Telmo

Personal information
- Full name: Telmo Além da Silva
- Date of birth: 13 January 1975 (age 51)
- Place of birth: Volta Redonda, Brazil
- Height: 1.74 m (5 ft 9 in)
- Position: Left-back

Senior career*
- Years: Team / Apps / (Gls)
- 1994: Volta Redonda
- 1995: Barra Mansa
- 1996–1998: Madureira
- 1997: → Central (loan)
- 1997: → Sport (loan)
- 1998: Campomaiorense / 8 / (0)
- 1998–2002: Santa Clara / 101 / (2)
- 2001: → Sport (loan)
- 2002–2004: Braga / 22 / (0)
- 2004–2015: Varzim / 236 / (5)
- Total:  / 367 / (7)

= Telmo (Brazilian footballer) =

Brazilian footballer

Telmo Além da Silva (born 13 January 1975), known simply as Telmo, is a Brazilian retired professional footballer who played as a left-back.

==Club career==
Born in Volta Redonda, Rio de Janeiro, Telmo arrived in Portugal in January 1998, joining S.C. Campomaiorense of the Primeira Liga. He remained in the country the following 17 years, save for a loan return in Brazil with Sport Club do Recife.

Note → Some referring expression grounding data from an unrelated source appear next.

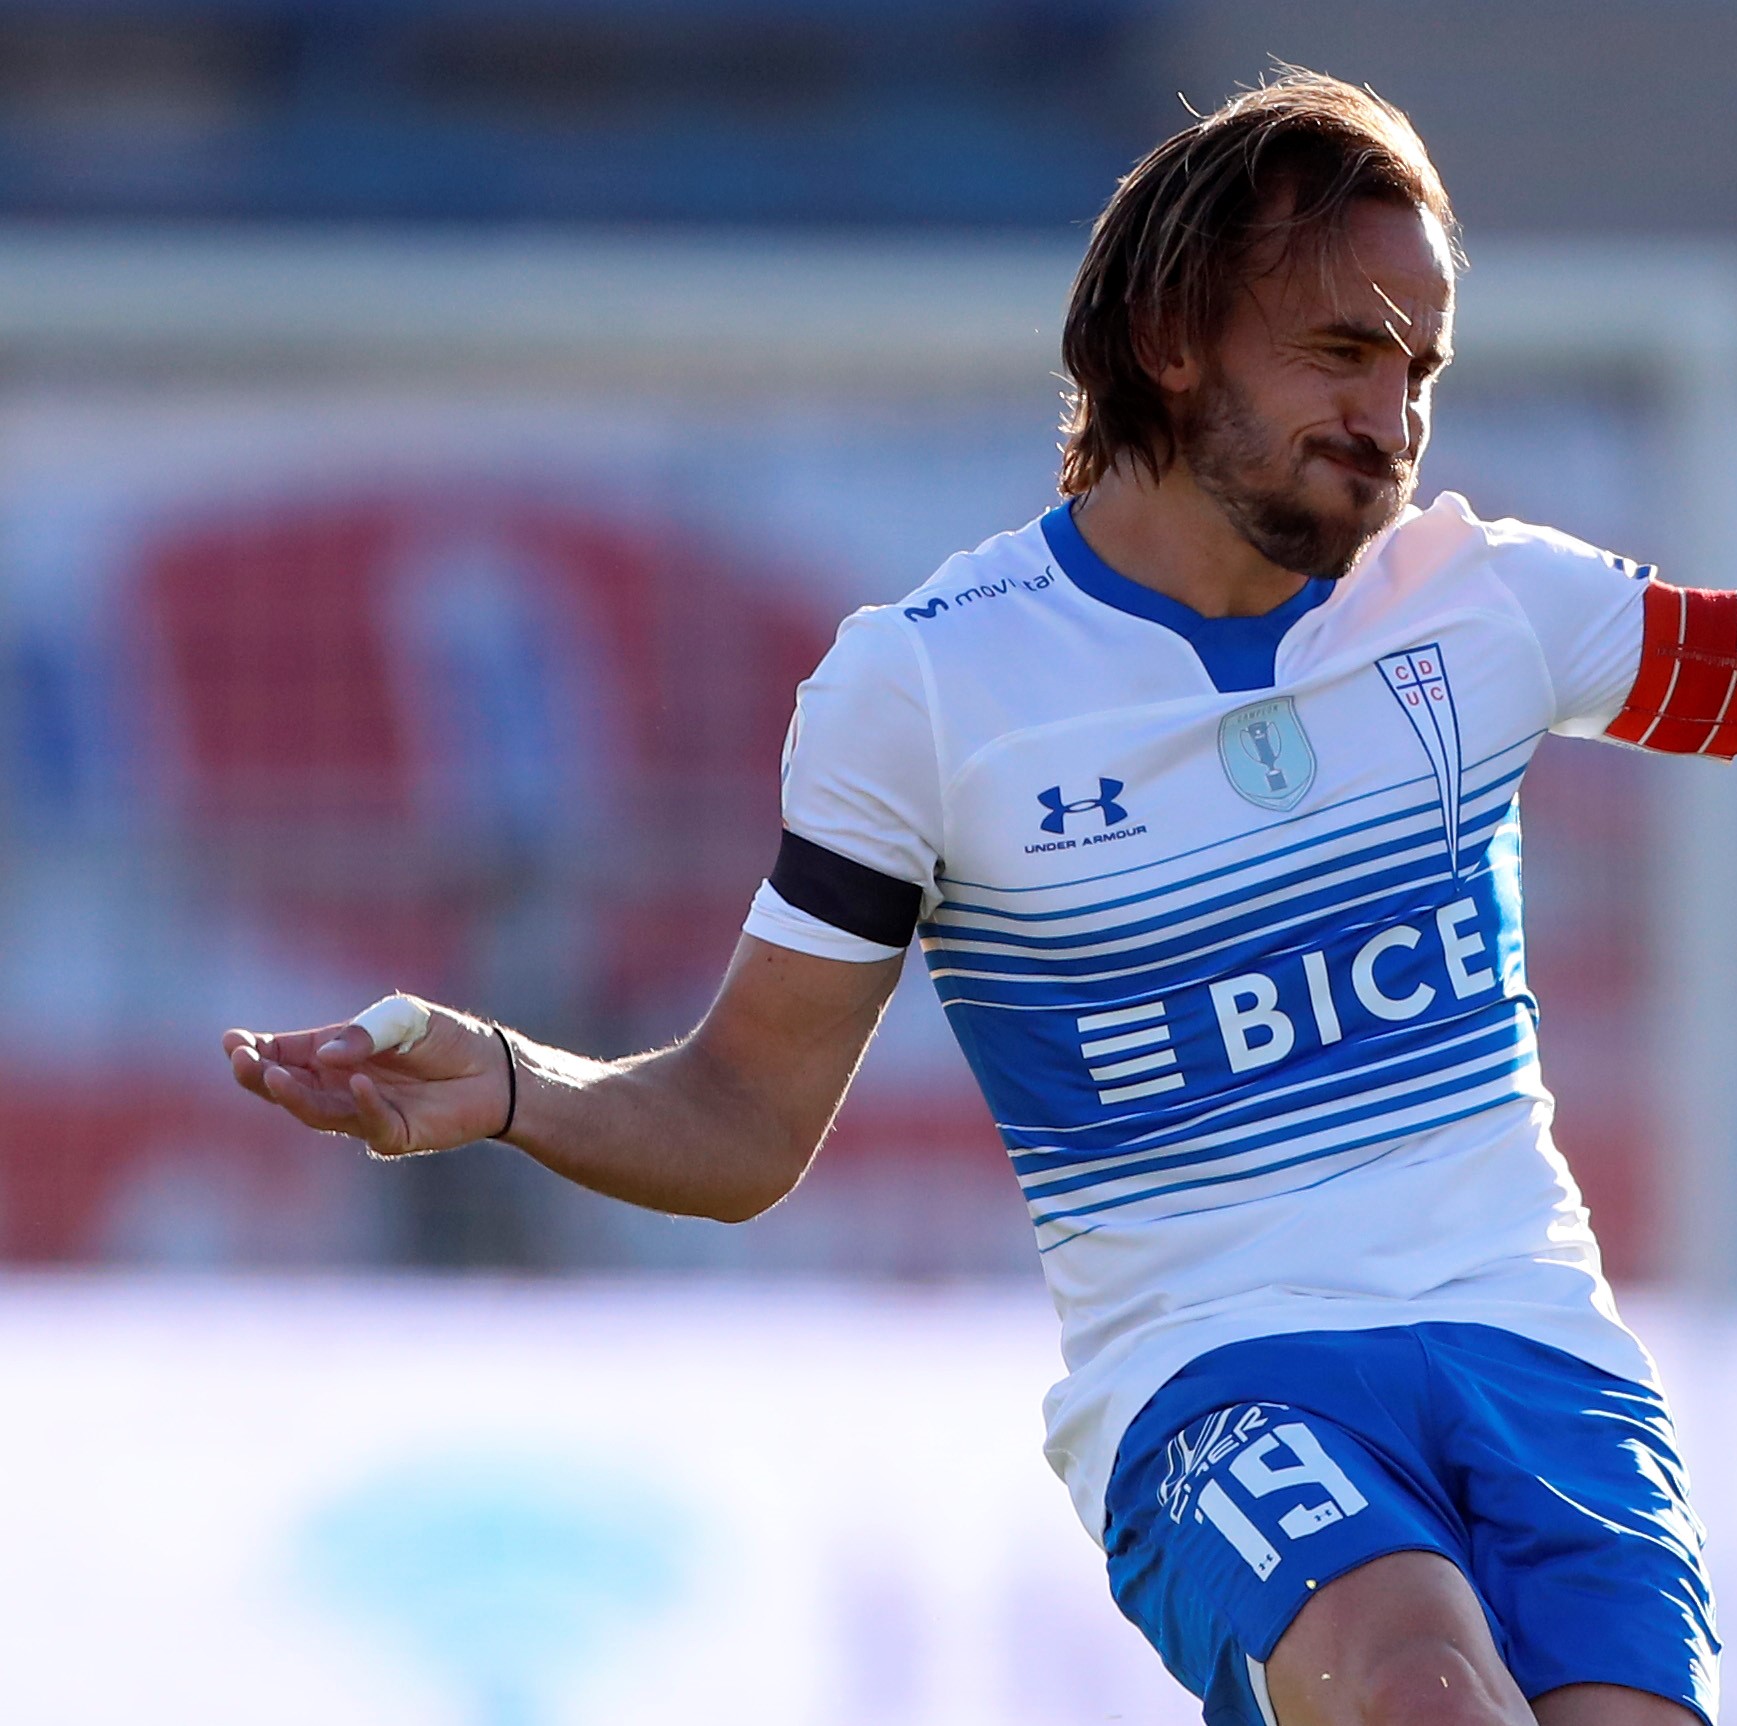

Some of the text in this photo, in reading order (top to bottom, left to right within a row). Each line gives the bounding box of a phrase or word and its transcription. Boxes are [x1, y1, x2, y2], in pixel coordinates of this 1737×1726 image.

[955, 565, 1055, 606] movitar
[1024, 825, 1147, 854] UNDER ARMOUR
[1208, 896, 1496, 1075] BICE
[1197, 1422, 1370, 1583] 19
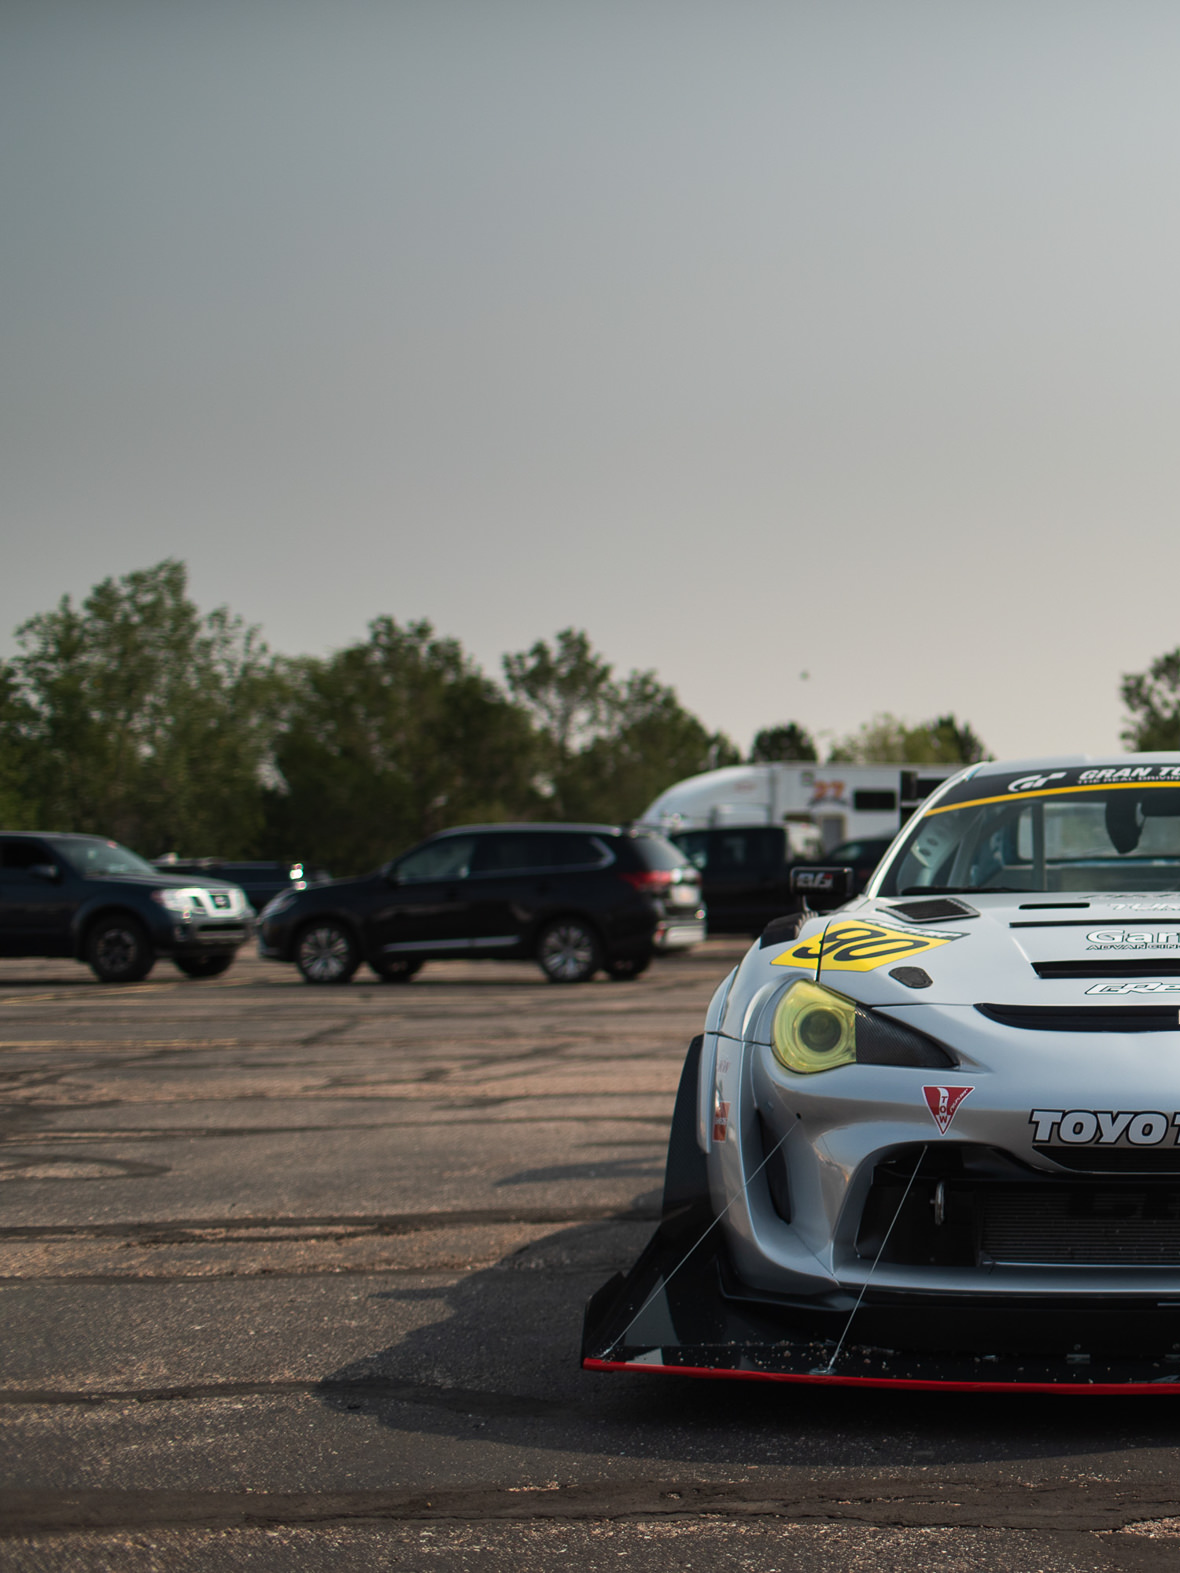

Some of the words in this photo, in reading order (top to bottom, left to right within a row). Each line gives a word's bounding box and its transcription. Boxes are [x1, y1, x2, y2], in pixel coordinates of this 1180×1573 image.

[1079, 767, 1152, 780] GRAN
[792, 927, 930, 962] 90
[939, 1096, 948, 1124] TOW
[1029, 1109, 1168, 1146] TOYO
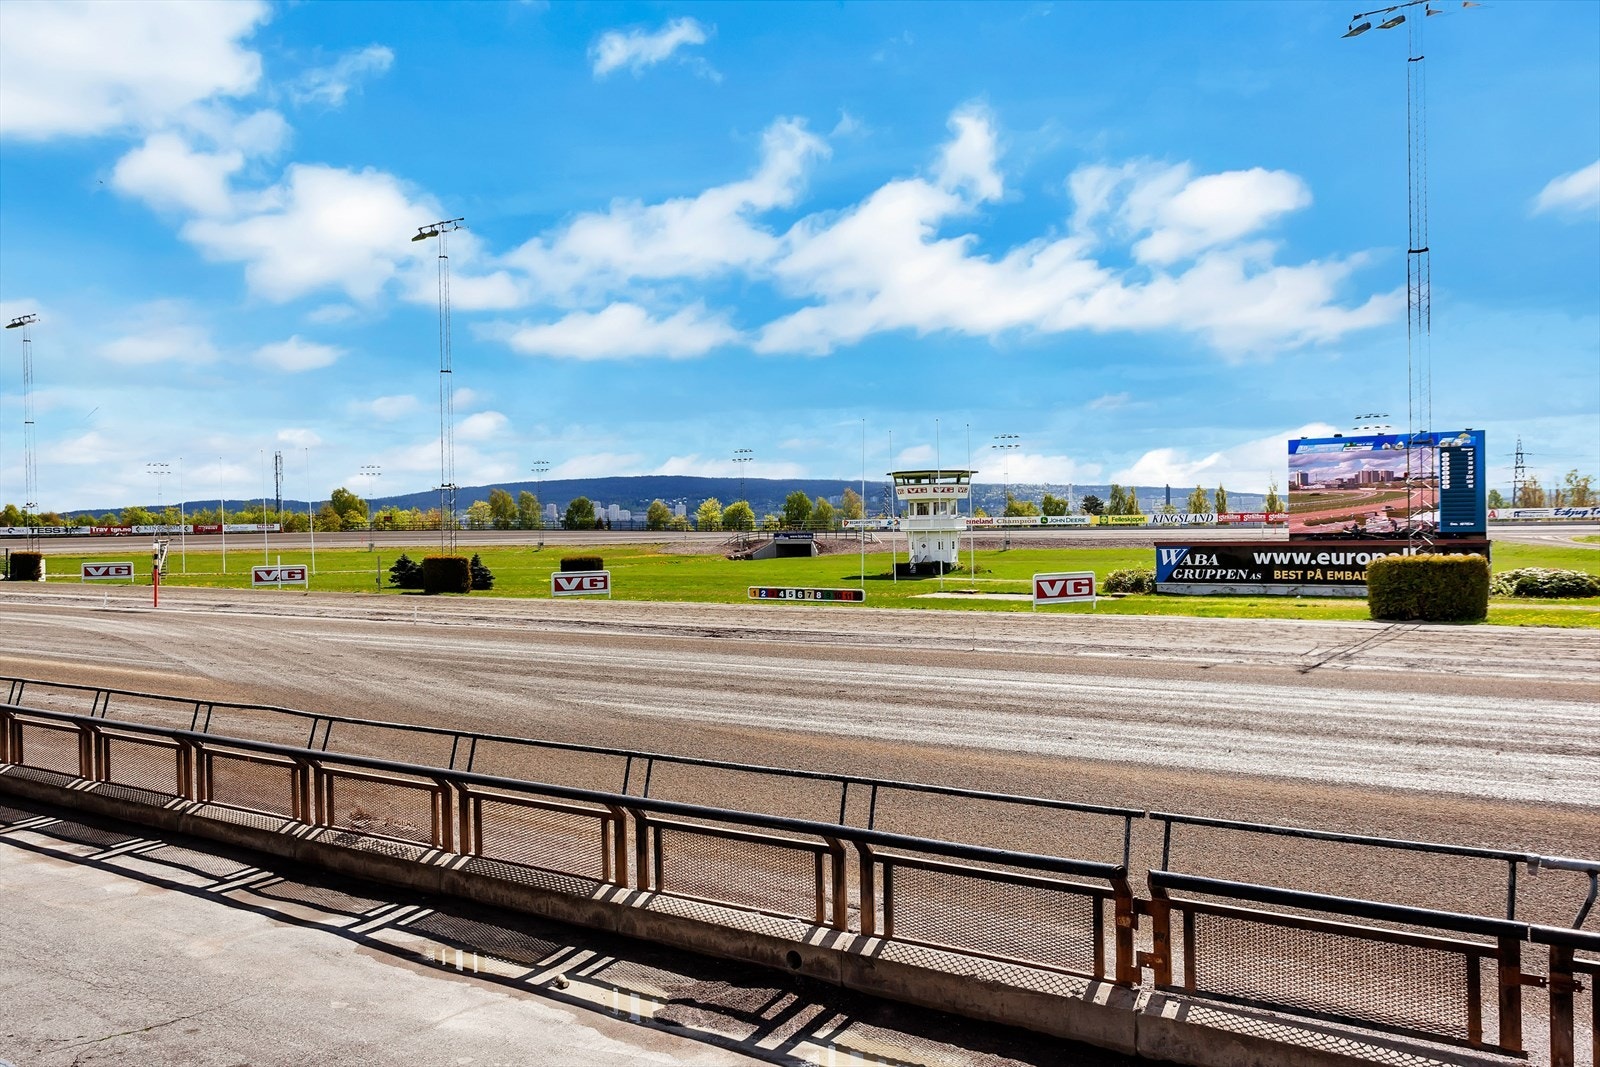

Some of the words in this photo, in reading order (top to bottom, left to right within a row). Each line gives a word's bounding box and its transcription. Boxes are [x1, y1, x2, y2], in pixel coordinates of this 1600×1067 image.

[1152, 513, 1214, 523] KINGSLAND
[1159, 548, 1220, 566] WABA
[86, 566, 129, 576] VG
[256, 569, 302, 581] VG
[1172, 569, 1249, 580] GRUPPEN
[1249, 572, 1262, 580] AS
[1273, 570, 1304, 580] BEST
[1307, 568, 1323, 580] PÅ
[556, 577, 605, 590] VG
[1038, 579, 1090, 597] VG
[779, 590, 784, 598] 4
[788, 590, 794, 598] 5
[816, 591, 822, 599] 8
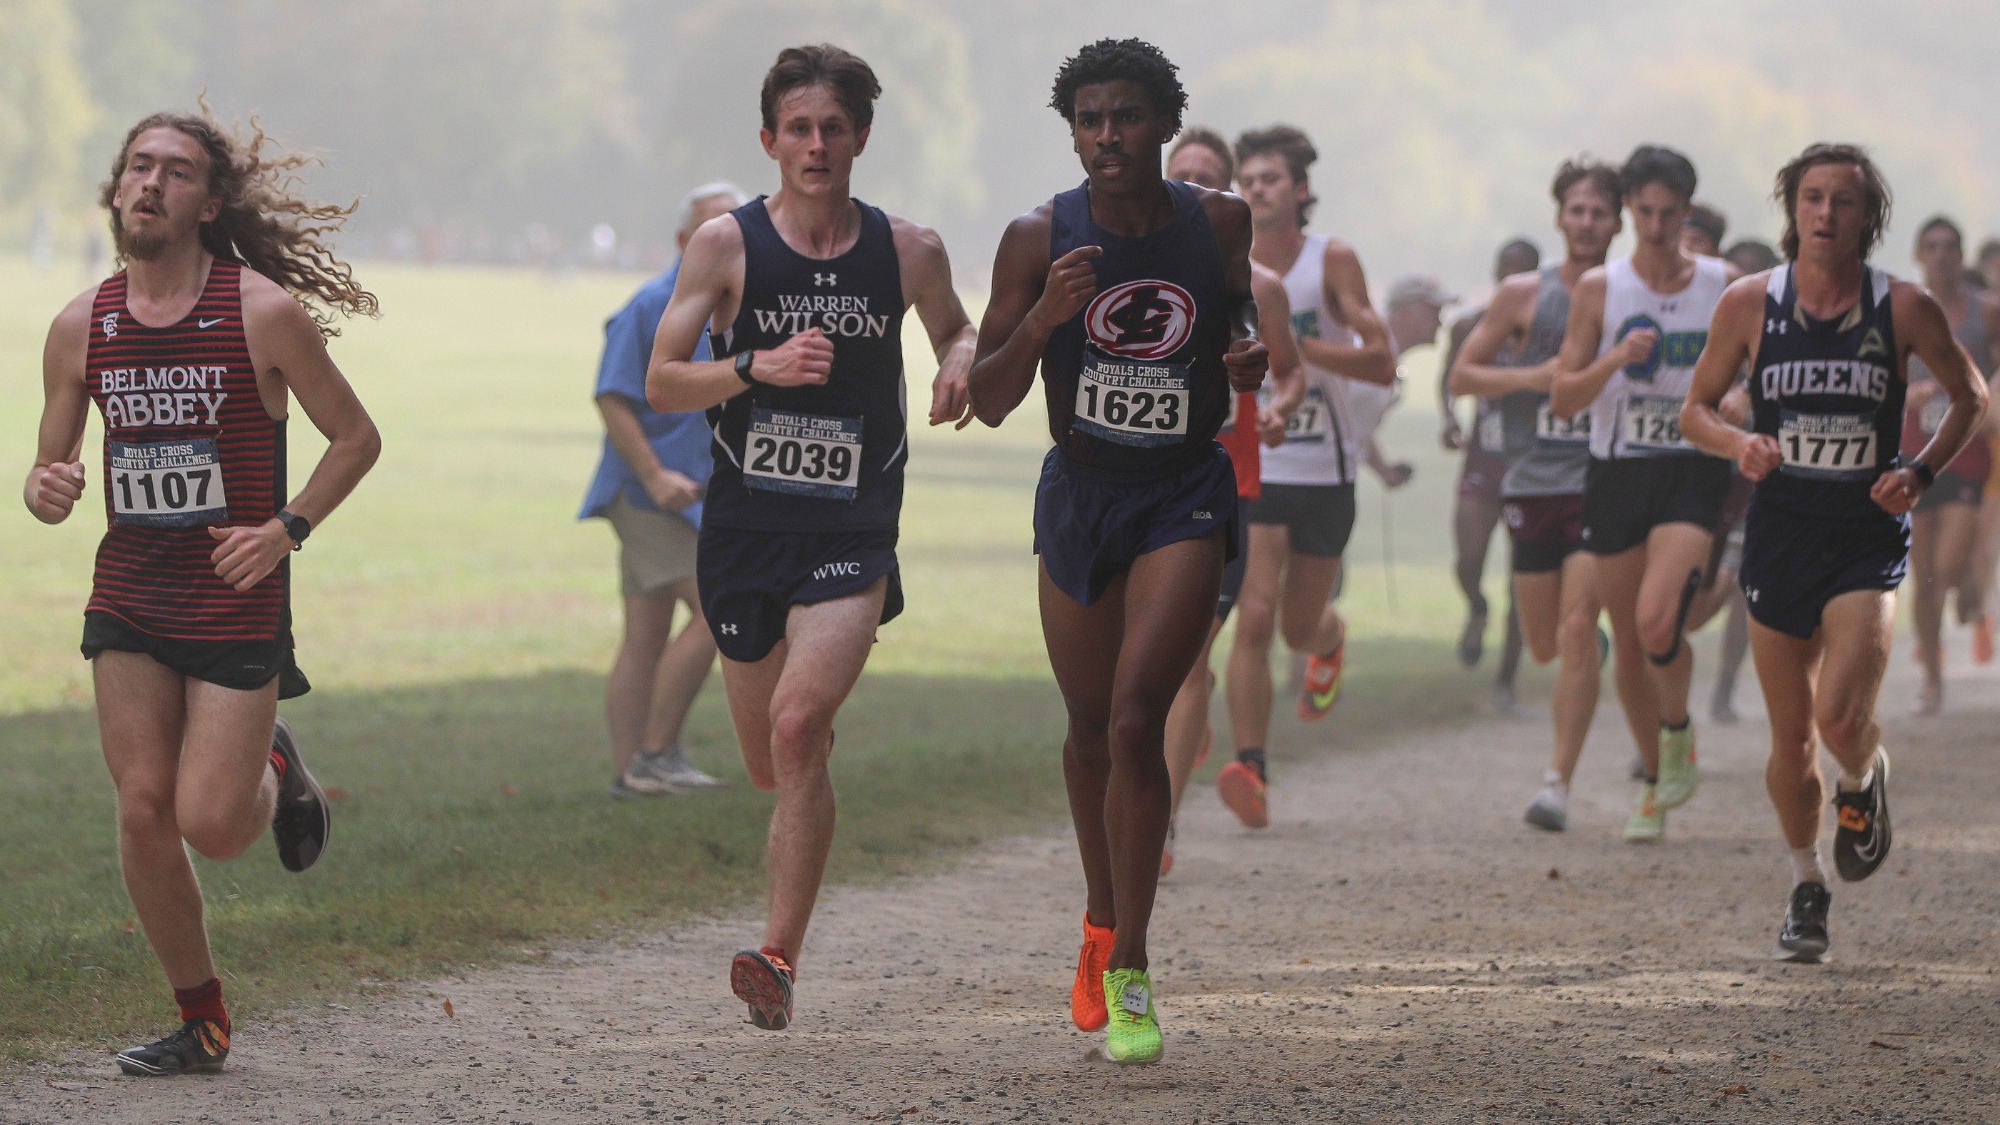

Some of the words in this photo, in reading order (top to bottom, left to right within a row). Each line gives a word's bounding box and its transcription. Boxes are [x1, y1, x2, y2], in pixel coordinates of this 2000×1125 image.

[778, 295, 868, 313] WARREN
[754, 309, 889, 338] WILSON
[100, 366, 227, 394] BELMONT
[1083, 366, 1126, 387] COUNTRY
[1128, 376, 1185, 389] CHALLENGE
[1097, 362, 1134, 376] ROYALS
[1137, 366, 1170, 378] CROSS
[1761, 359, 1889, 403] QUEENS
[105, 392, 228, 429] ABBEY
[1084, 384, 1179, 430] 1623
[753, 422, 798, 437] COUNTRY
[801, 428, 857, 443] CHALLENGE
[771, 414, 808, 427] ROYALS
[810, 418, 842, 431] CROSS
[112, 457, 150, 469] COUNTRY
[154, 454, 212, 468] CHALLENGE
[123, 446, 157, 458] ROYALS
[160, 444, 194, 457] CROSS
[751, 437, 852, 482] 2039
[1786, 435, 1870, 466] 1777
[117, 469, 212, 510] 1107
[813, 562, 861, 581] WWC

Telmo also represented C.D. Santa Clara, S.C. Braga and Varzim SC. With the latter team, he appeared in seven consecutive Segunda Liga seasons, being relegated in 2010–11 (13 matches, one goal from the player). He continued to play with the same club until June 2015, when he announced his retirement aged already 40.